I enjoy watching romantic comedies. My hubby however does not. He doesn’t like them because of how I think after watching them.

I love the story line at usually goes something like this; Girl has some sort of life hardship. As she is working on her “self care”, she meets a guy. Comedy ensues as they navigate the struggle of overcoming the baggage they have and creating a new relationship. At some point about 3/4 the way through the movie they break up because it’s too hard to deal with. BUT THEN, some random event brings them back together and they realize the relationship is worth the struggle. They kiss and live happily ever after. Now, that may be a bit of a stretch to characterize all romantic comedies that way but it’s pretty close.

What I see in these movies is “love story” we all want. You meet someone who loves you in spite of all your short comings. They are willing to extend grace and love that creates a place for good, positive change to come in your life. Makes you a better person to be with them. I get dreamy eyes thinking of this scenario. I don’t think any of this idea is bad really. But real life isn’t that clean and simple and it certainly doesn’t wrap up in a nice bow in 2 hours of time. That’s what my hubby hates. Suddenly I have this weird expectation that he should act a certain way or respond to my “baggage” with hugs and deep looks into my eyes. He should show up at the perfect time to show me how deeply he loves me. This is all unreal expectation that I place on him after watching these types of shows. I know very well that it’s a movie and it’s ridiculous of me to expect that of him but because it makes me feel good, I want it. Can I remind you that, although it’s unfair to place this expectation on Brett, I have this desire in my heart because God placed it there only He wants me to look to Him to meet this need.

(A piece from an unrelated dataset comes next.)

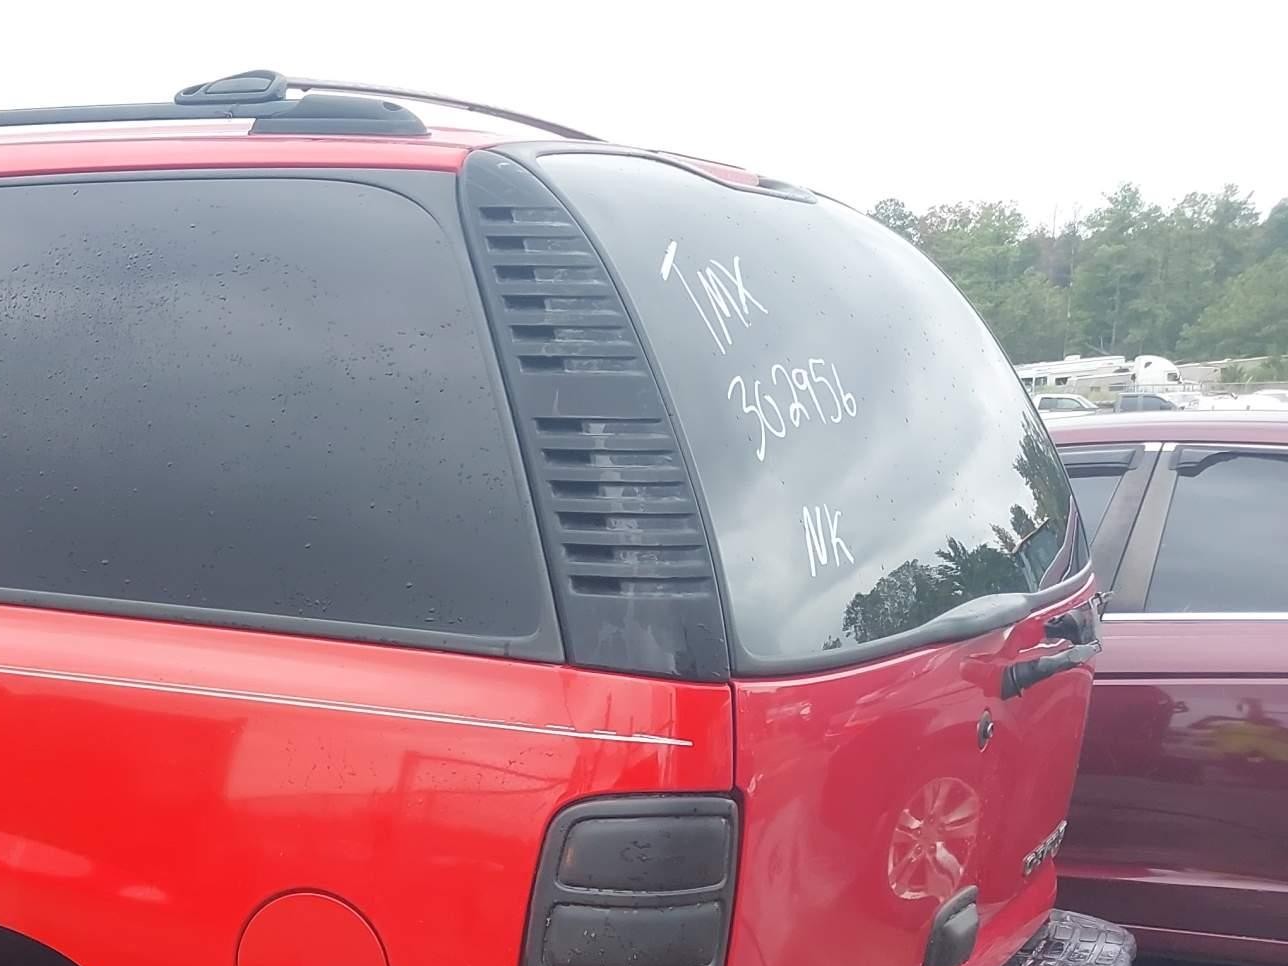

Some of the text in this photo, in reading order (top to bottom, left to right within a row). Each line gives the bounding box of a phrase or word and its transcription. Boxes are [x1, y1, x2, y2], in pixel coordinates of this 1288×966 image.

[661, 240, 769, 355] TMX
[727, 358, 858, 462] 302956
[802, 503, 855, 577] NK

We are created to want love and to be loved unconditionally. Only, it isn’t meant to be fulfilled in a spouse but rather by the Father of Love.

My favorite book in the Bible is Hosea.  Hosea is one of those books that I read and see the Father of Love so clearly.  The idea that Hosea and Gomer are a picture of God and Israel and then God and us, is so comforting to me.  Gomer has baggage and then some! She creates more baggage while with Hosea. Gomer makes such huge mistakes that it seems irreparable. But Hosea brings her back to a place a healing and restoration. 

God is the same way! We get lost in our decisions and desires, but God is always moving us into a place where we can see Him more clearly and understand His love more completely.  He wants to use these “random events” in our lives to show us – we are worth the struggle.  He wants to be with us!  He loves us even with our baggage. 

Rather than focus on the latest romantic movie, I need to focus my attention on the One who gives me unconditional love and spend my time seeking that relationship.  My life is a romantic movie already, I just need to change my perspective.